• [Dataset entries]:
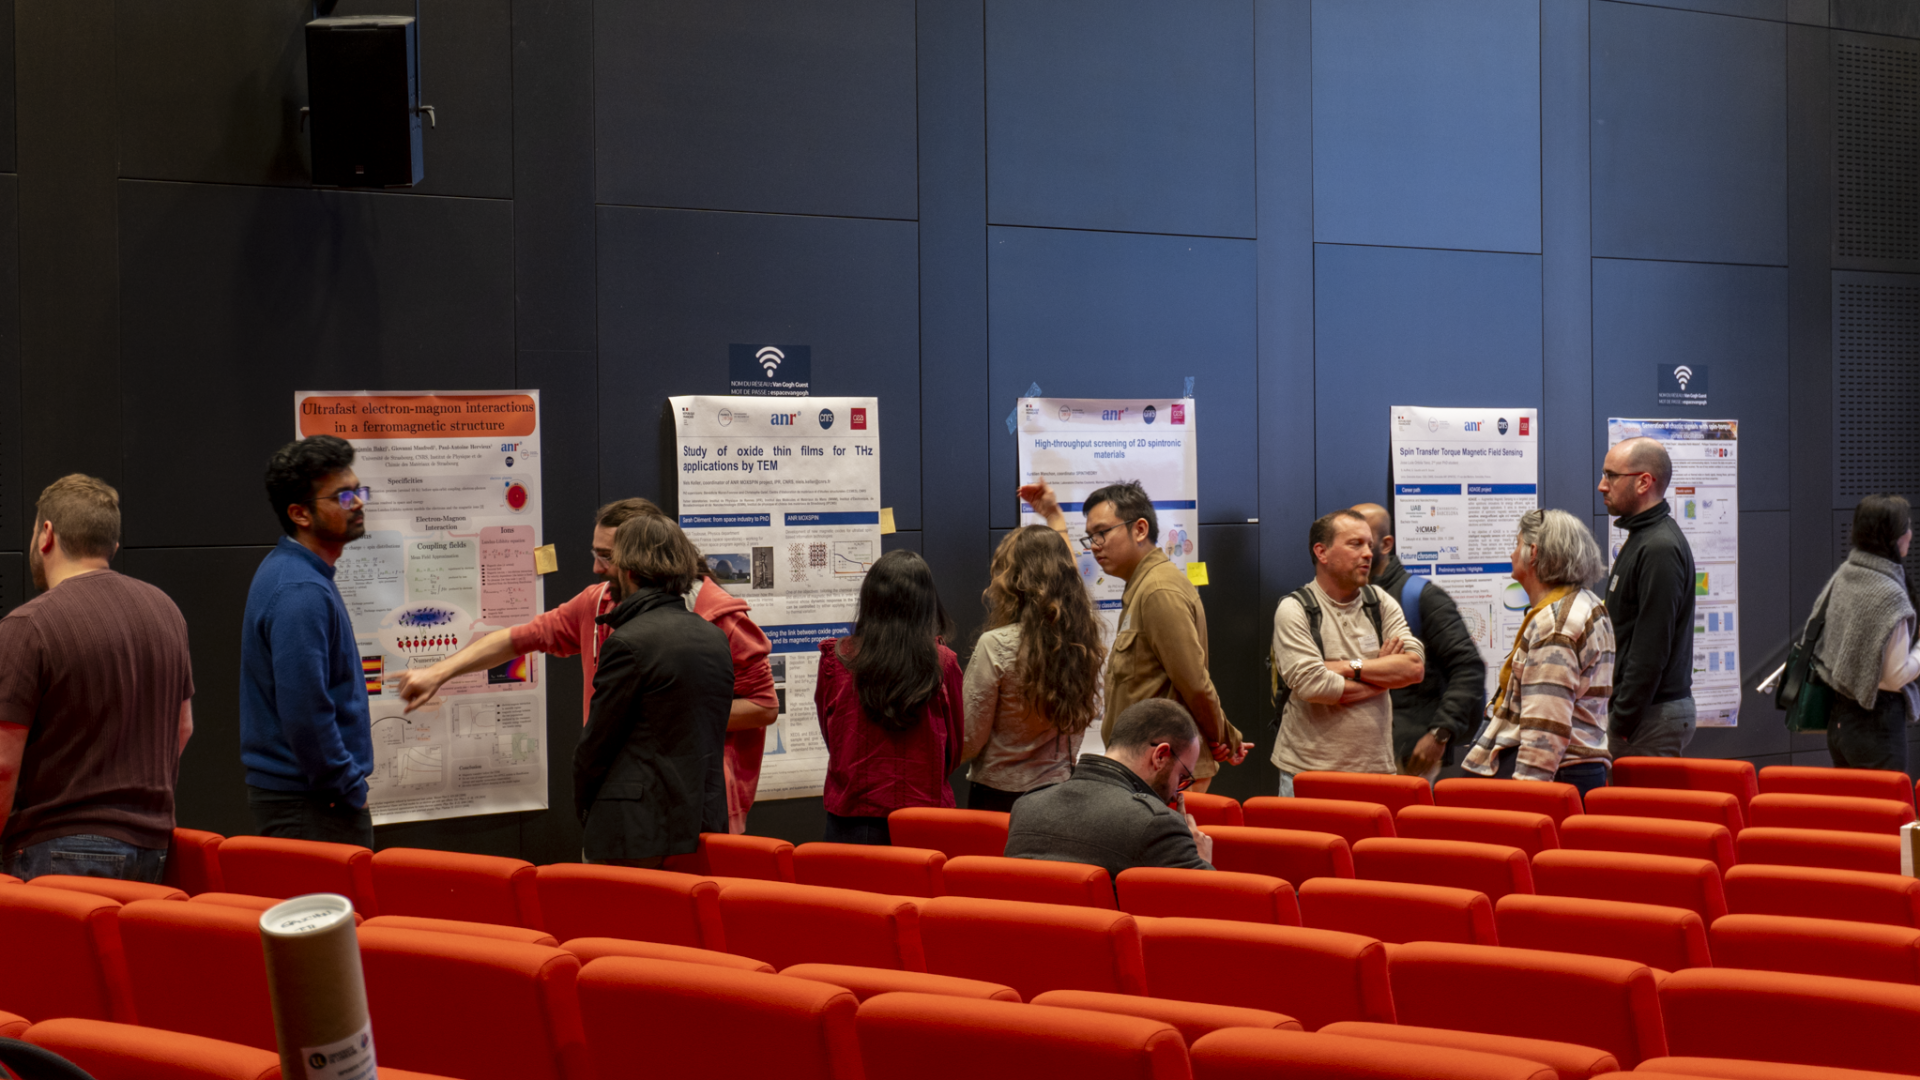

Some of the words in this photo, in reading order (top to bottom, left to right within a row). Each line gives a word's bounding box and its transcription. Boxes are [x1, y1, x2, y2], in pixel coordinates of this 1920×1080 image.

[302, 402, 357, 415] Ultrafast
[362, 402, 462, 416] electron-magnon
[466, 401, 534, 413] interactions
[771, 413, 796, 425] anr
[820, 414, 833, 422] cnrs
[1102, 410, 1124, 420] anr
[335, 421, 346, 433] in
[352, 424, 358, 432] a
[363, 420, 446, 434] ferromagnetic
[450, 420, 505, 431] structure
[1465, 421, 1482, 431] anr
[501, 443, 519, 452] anr
[1035, 439, 1092, 449] High-throughput
[1094, 439, 1127, 449] screening
[1129, 439, 1136, 447] of
[1137, 439, 1146, 447] 2D
[1148, 439, 1181, 449] spintronic
[684, 445, 707, 459] Study
[717, 445, 727, 456] of
[737, 446, 763, 456] oxide
[773, 446, 791, 456] thin
[801, 445, 824, 456] films
[833, 445, 846, 456] for
[855, 445, 873, 455] THz
[1094, 450, 1125, 458] materials
[1400, 447, 1414, 457] Spin
[1416, 447, 1439, 455] Transfer
[1441, 447, 1460, 457] Torque
[1462, 448, 1487, 457] Magnetic
[1488, 448, 1501, 456] Field
[1502, 448, 1523, 458] Sensing
[683, 460, 738, 473] applications
[742, 460, 754, 473] by
[757, 460, 778, 470] TEM
[737, 516, 754, 524] industry
[417, 543, 447, 551] Coupling
[832, 627, 849, 636] growth,
[789, 637, 810, 645] magnetic
[413, 656, 441, 664] Numerical
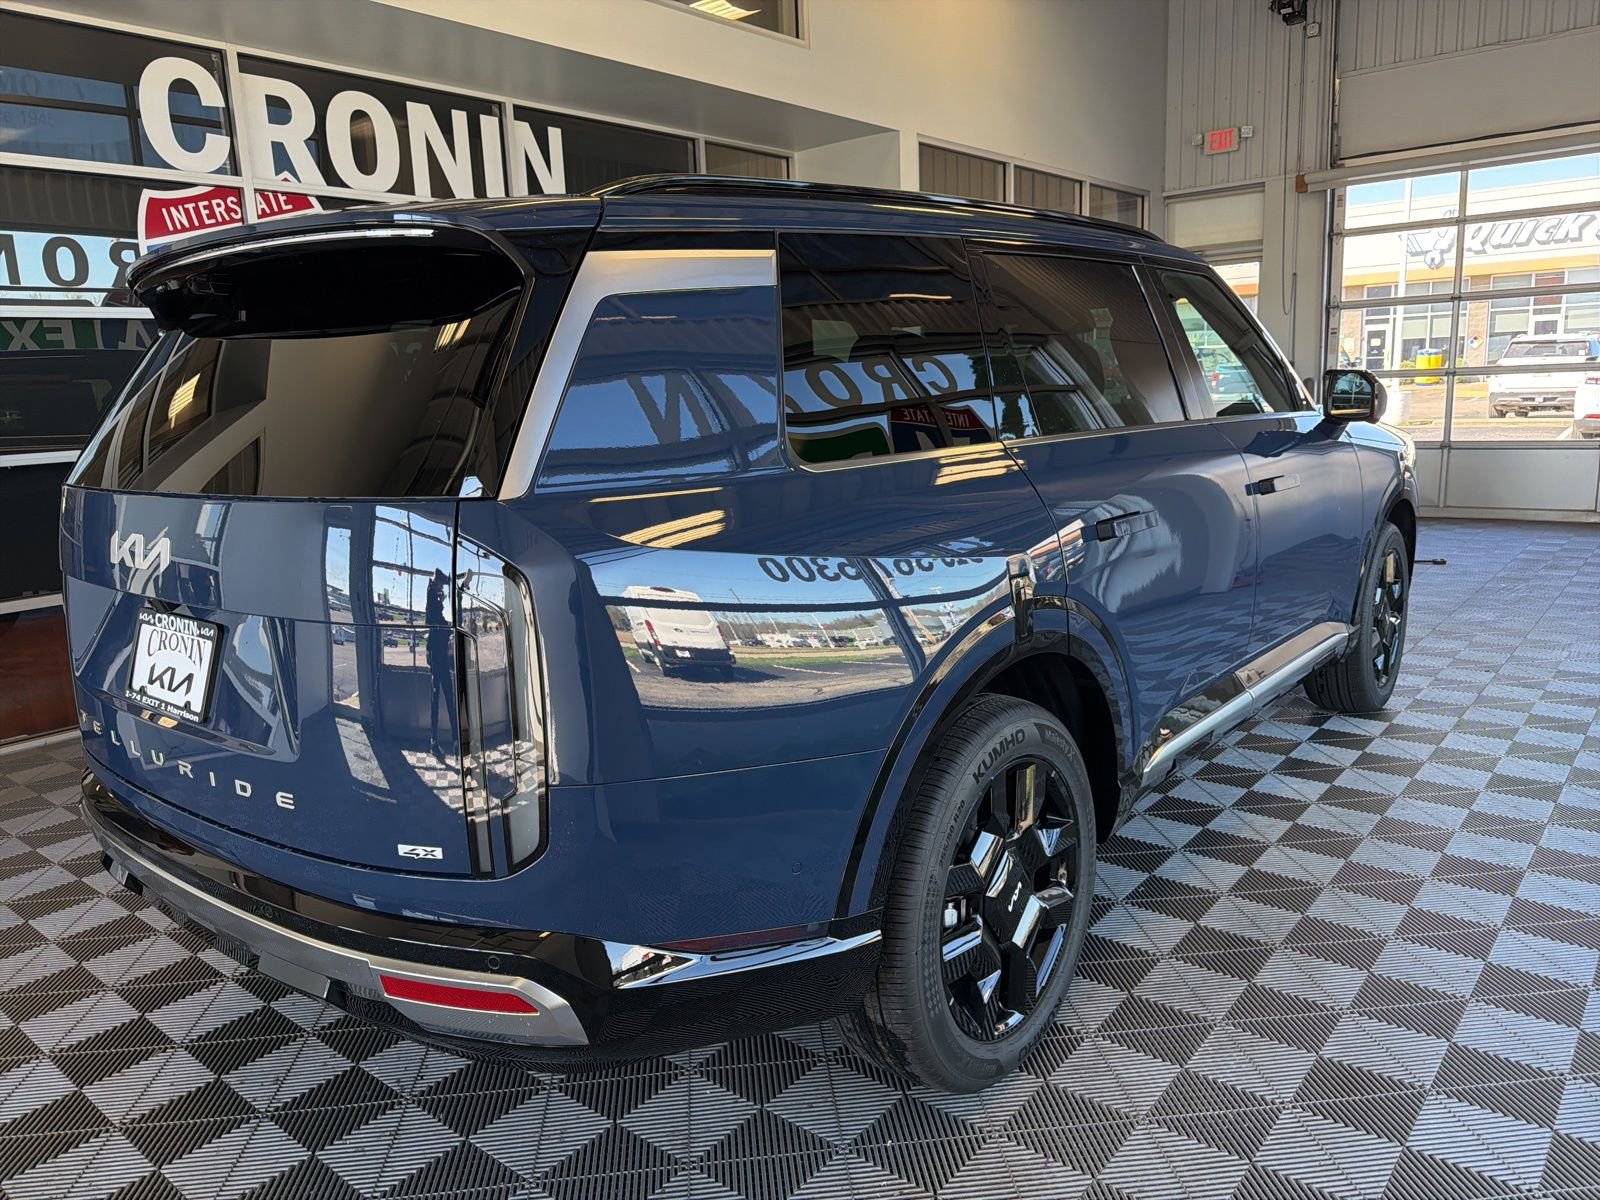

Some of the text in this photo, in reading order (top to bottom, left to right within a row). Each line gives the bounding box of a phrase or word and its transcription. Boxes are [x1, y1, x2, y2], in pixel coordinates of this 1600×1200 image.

[139, 56, 566, 198] CRONIN
[1209, 128, 1233, 152] EXIT
[161, 191, 293, 231] INTERSATE
[1464, 213, 1597, 254] QUICK
[111, 529, 171, 574] KIA
[155, 613, 198, 636] CRONIN
[148, 629, 206, 671] CRONIN
[148, 662, 194, 696] KIA
[125, 690, 140, 701] I-74
[142, 696, 160, 707] EXIT
[167, 704, 199, 722] Harrison
[80, 709, 295, 810] TELLURIDE
[972, 728, 1026, 785] KUMHO

• [Brief]:
The entries above are to be restated verbatim, with no pictures carried over.

• [Answer box]:
Some of the words in this photo, in reading order (top to bottom, left to right within a row). Each line gives a word's bounding box and its transcription. Boxes are [x1, y1, x2, y2], in pixel coordinates of this 1920×1080 image.

[302, 402, 357, 415] Ultrafast
[362, 402, 462, 416] electron-magnon
[466, 401, 534, 413] interactions
[771, 413, 796, 425] anr
[820, 414, 833, 422] cnrs
[1102, 410, 1124, 420] anr
[335, 421, 346, 433] in
[352, 424, 358, 432] a
[363, 420, 446, 434] ferromagnetic
[450, 420, 505, 431] structure
[1465, 421, 1482, 431] anr
[501, 443, 519, 452] anr
[1035, 439, 1092, 449] High-throughput
[1094, 439, 1127, 449] screening
[1129, 439, 1136, 447] of
[1137, 439, 1146, 447] 2D
[1148, 439, 1181, 449] spintronic
[684, 445, 707, 459] Study
[717, 445, 727, 456] of
[737, 446, 763, 456] oxide
[773, 446, 791, 456] thin
[801, 445, 824, 456] films
[833, 445, 846, 456] for
[855, 445, 873, 455] THz
[1094, 450, 1125, 458] materials
[1400, 447, 1414, 457] Spin
[1416, 447, 1439, 455] Transfer
[1441, 447, 1460, 457] Torque
[1462, 448, 1487, 457] Magnetic
[1488, 448, 1501, 456] Field
[1502, 448, 1523, 458] Sensing
[683, 460, 738, 473] applications
[742, 460, 754, 473] by
[757, 460, 778, 470] TEM
[737, 516, 754, 524] industry
[417, 543, 447, 551] Coupling
[832, 627, 849, 636] growth,
[789, 637, 810, 645] magnetic
[413, 656, 441, 664] Numerical

Some of the text in this photo, in reading order (top to bottom, left to right within a row). Each line gives the bounding box of a phrase or word and its transcription. Boxes are [x1, y1, x2, y2], in pixel coordinates of this 1600×1200 image.

[139, 56, 566, 198] CRONIN
[1209, 128, 1233, 152] EXIT
[161, 191, 293, 231] INTERSATE
[1464, 213, 1597, 254] QUICK
[111, 529, 171, 574] KIA
[155, 613, 198, 636] CRONIN
[148, 629, 206, 671] CRONIN
[148, 662, 194, 696] KIA
[125, 690, 140, 701] I-74
[142, 696, 160, 707] EXIT
[167, 704, 199, 722] Harrison
[80, 709, 295, 810] TELLURIDE
[972, 728, 1026, 785] KUMHO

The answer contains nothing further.